Otherwise, add a frame of latency.
Different options exist depending on your limitations.
Potentially very slow. 50 texture samples times 1280x720 pixels? Downsample to ¼ width and height – result is blurred anyway.
There is a demo of this effect running on GPU in the NVIDIA SDK.
Even after considerable down-sampling the effect still takes over 5ms on the GPU – too slow for our situation. So we decided to implement it on SPU instead.
Unfortunately the effect requires random sampling of a shadow map texture – something which is difficult to map to the SPU.
To work out the best way to do SPU texture sampling, consider the GPU. The GPU has a texture cache which stores a small portion of the texture in fast-to-access memory, and the rest in a slower, larger memory buffer elsewhere (main memory or VRAM). On the SPU, that texture cache is the SPU’s local store. Accesses to this are fast, but if the data is not in cache it must be pulled in from main memory by DMA – which is slower.

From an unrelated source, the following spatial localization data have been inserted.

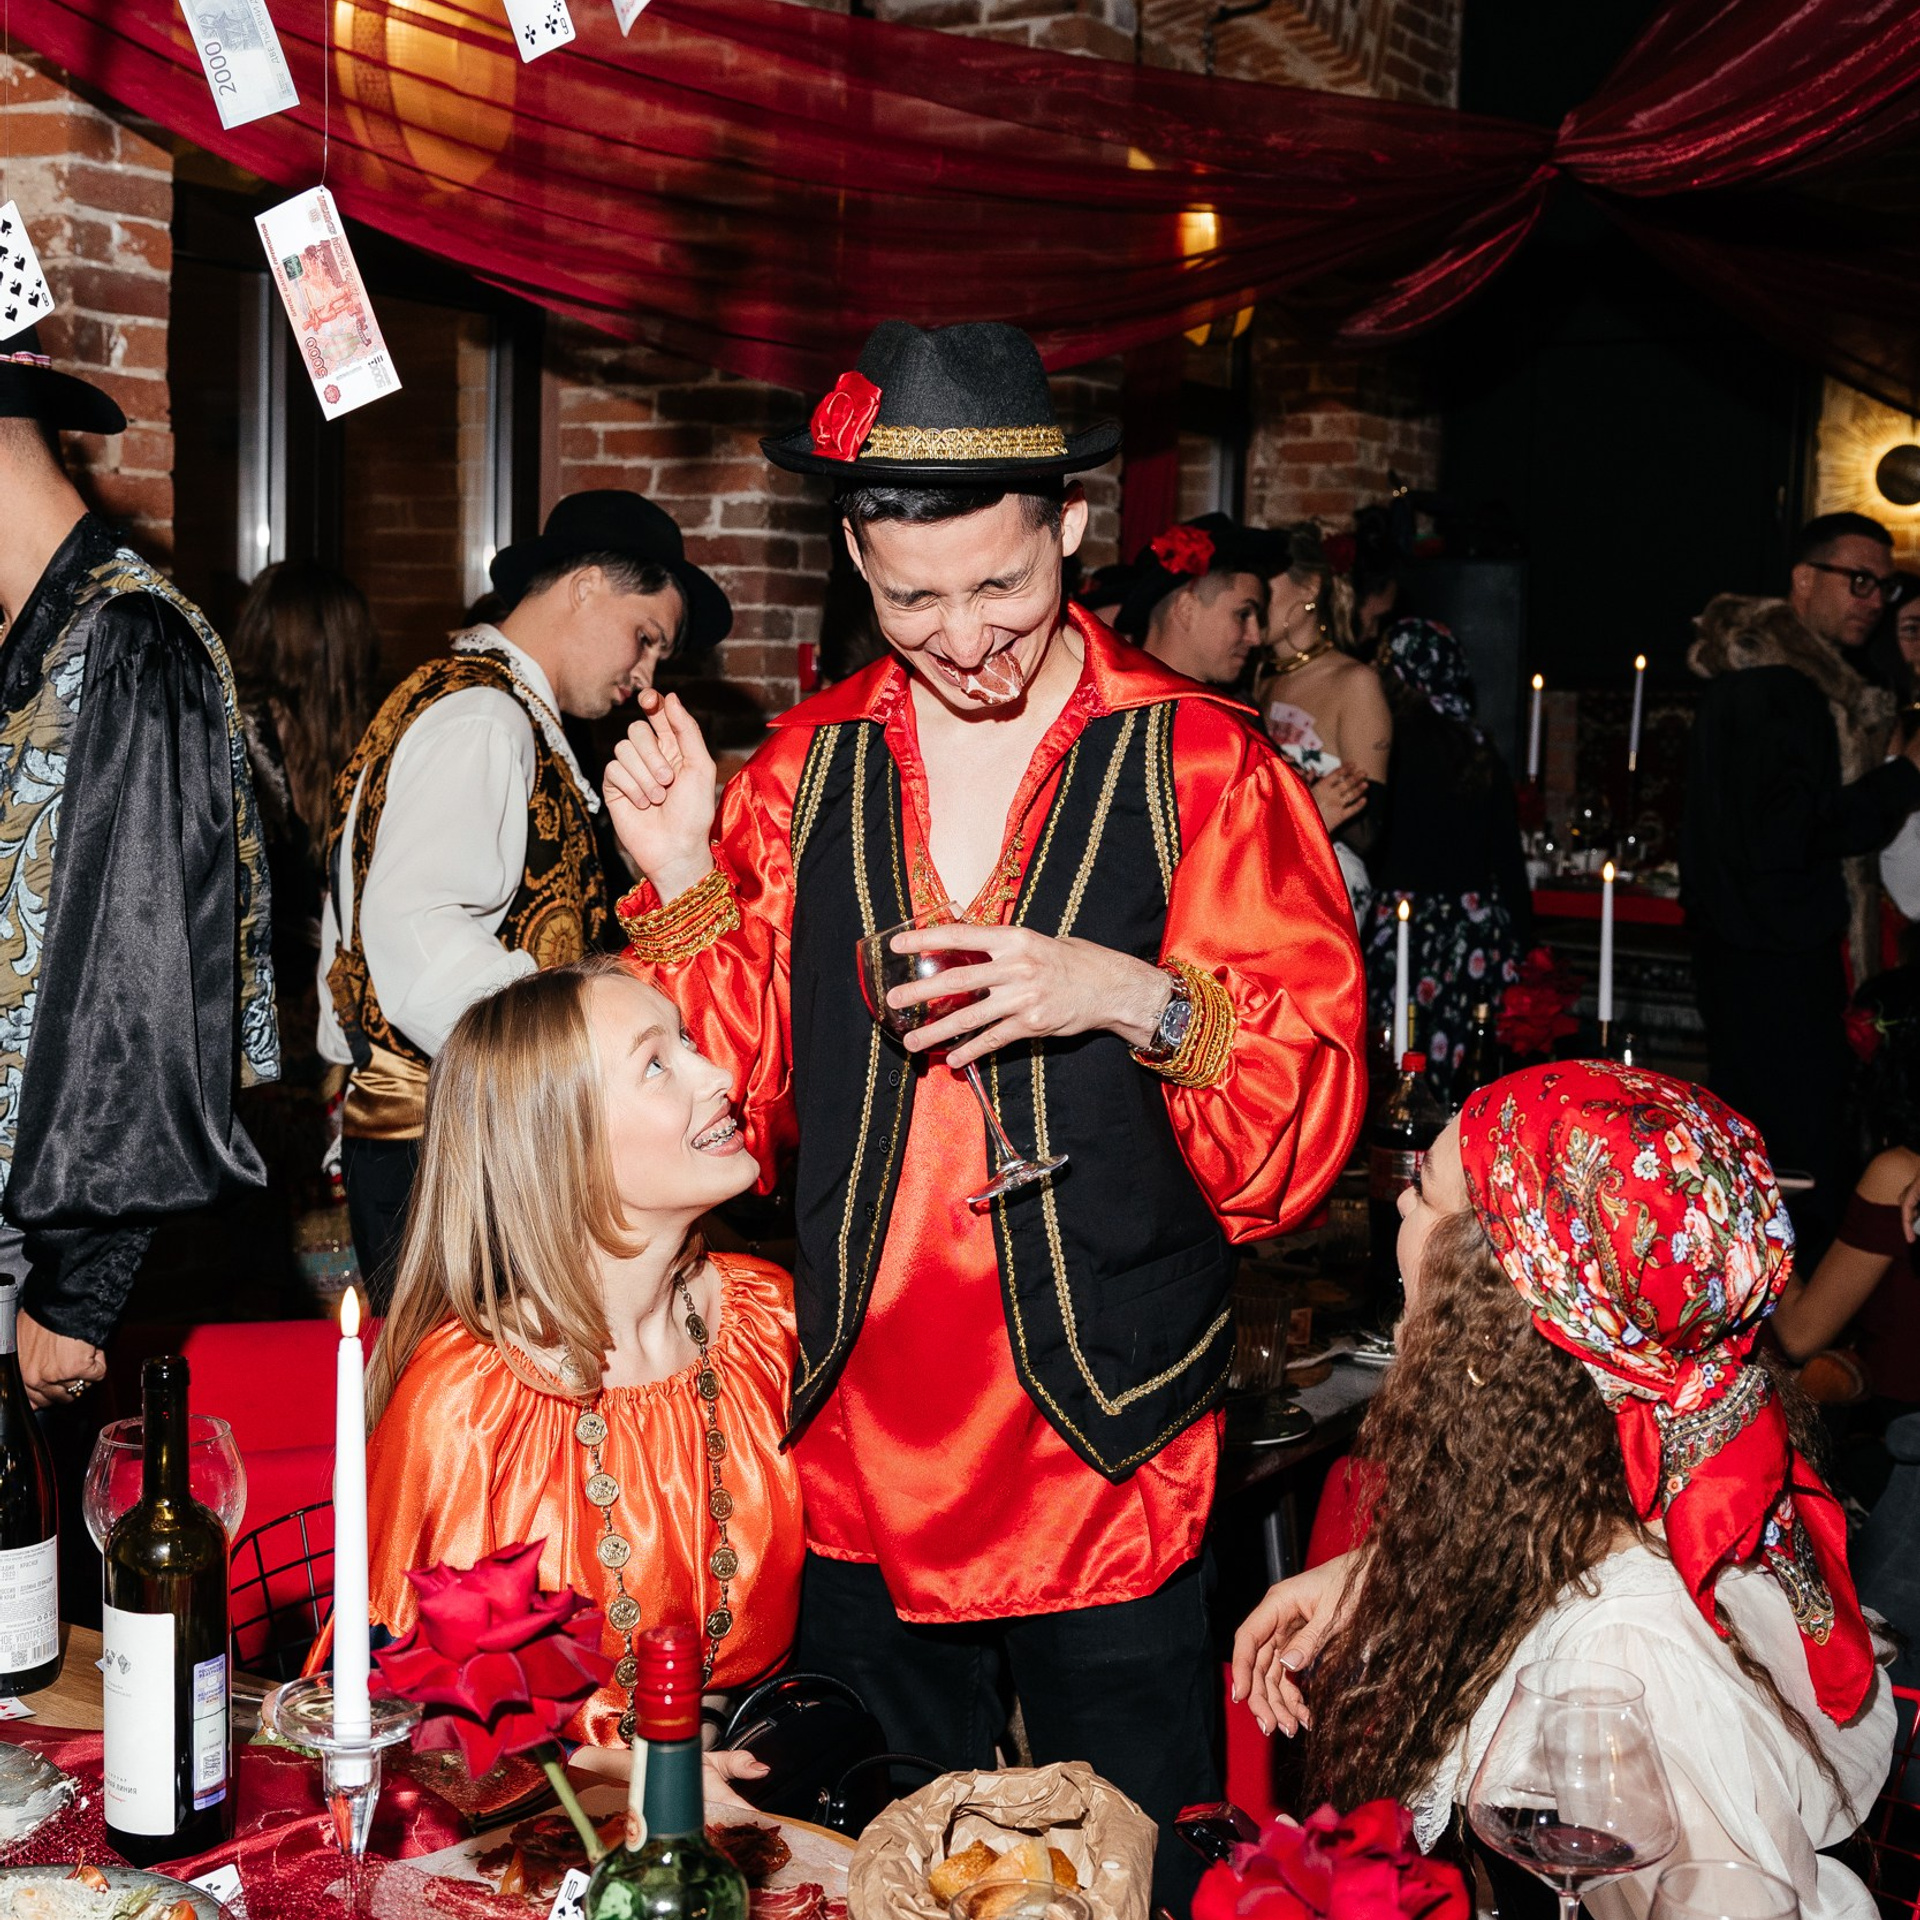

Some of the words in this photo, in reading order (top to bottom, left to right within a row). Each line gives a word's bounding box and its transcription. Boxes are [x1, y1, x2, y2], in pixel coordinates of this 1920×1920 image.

[252, 7, 272, 44] ТЫСЯЧИ
[204, 41, 237, 96] 2000
[267, 46, 280, 64] ДВЕ
[260, 223, 279, 265] ПРИКОЛОВ
[305, 336, 329, 379] 5000
[116, 1783, 138, 1795] ЛИНИЯ
[565, 1878, 578, 1901] 10

Also there is no dedicated hardware to manage the texture lookup – everything must be emulated in software.
If the texture can fit entirely in the SPU’s local store, we can avoid the whole texture cache issue. If not, we have to write a software cache that can handle it.

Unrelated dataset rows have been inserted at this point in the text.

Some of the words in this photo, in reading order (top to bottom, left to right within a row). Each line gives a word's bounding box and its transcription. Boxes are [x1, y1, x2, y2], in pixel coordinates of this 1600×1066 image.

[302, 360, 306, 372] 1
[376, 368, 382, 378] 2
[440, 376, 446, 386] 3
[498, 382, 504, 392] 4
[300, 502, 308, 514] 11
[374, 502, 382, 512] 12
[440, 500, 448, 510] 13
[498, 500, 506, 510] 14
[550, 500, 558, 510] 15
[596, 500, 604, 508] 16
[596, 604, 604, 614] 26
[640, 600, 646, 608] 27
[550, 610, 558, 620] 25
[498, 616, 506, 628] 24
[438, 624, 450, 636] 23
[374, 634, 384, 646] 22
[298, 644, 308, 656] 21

This software cache must be branchless for lookups, otherwise performance of the calling code will be destroyed. This implies that cache misses must be caught and resolved early, so there are no DMAs in the main processing loop either.

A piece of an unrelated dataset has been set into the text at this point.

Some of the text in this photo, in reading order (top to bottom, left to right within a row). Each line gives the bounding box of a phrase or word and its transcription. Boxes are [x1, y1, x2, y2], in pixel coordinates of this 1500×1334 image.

Fortunately for volumetric lighting, the whole shadow map can be made to fit in SPU local memory by downsampling and reducing it.
The effect is fast and parallel enough to run on an SPU in the background while other work is done on the GPU.
Low resolution format: 64x64 for a 1k x 1k shadow map.
Output the high resolution shadow map in a series of 16x16 tiles – they map to cache pages 1k in size.
The low resolution shadow min/max depth map can be used to greatly optimise the process by skipping high resolution shadow reads where the whole shadow tile is all in or out of shadow, and skipping shadow lookups entirely where the whole screen tile is in or out of shadow. By doing all this we can achieve good performance – good enough to make it practical to sample shadow maps on the SPU.
This screen tile information can be output in a pre-process step similar to the depth of field classification and used for deferred shadowing on the GPU – only sampling the shadow map on GPU for the edge cases where the tile falls on the border of in and out of shadow. The rest of the screen can run through a fast path. This can greatly optimise the performance of deferred shadowing.
Key takeaways:
Reconsider your approach to fragment processing operations.
Use tile-based classification on the SPU to optimise heavy fragment processes.
Move 2D fragment processing operations such as post process effects or deferred lighting to the SPU.
Texture sampling on the SPU is possible too.
Much of the work you need for SPU post processing has already been done for you – download PhyreEngine and you’ll find a complete engine with full source code which implements the effects in this presentation. It also provides the necessary GPU/SPU sync framework and many useful utilities to aid post processing – such as de-tiling of main memory render targets.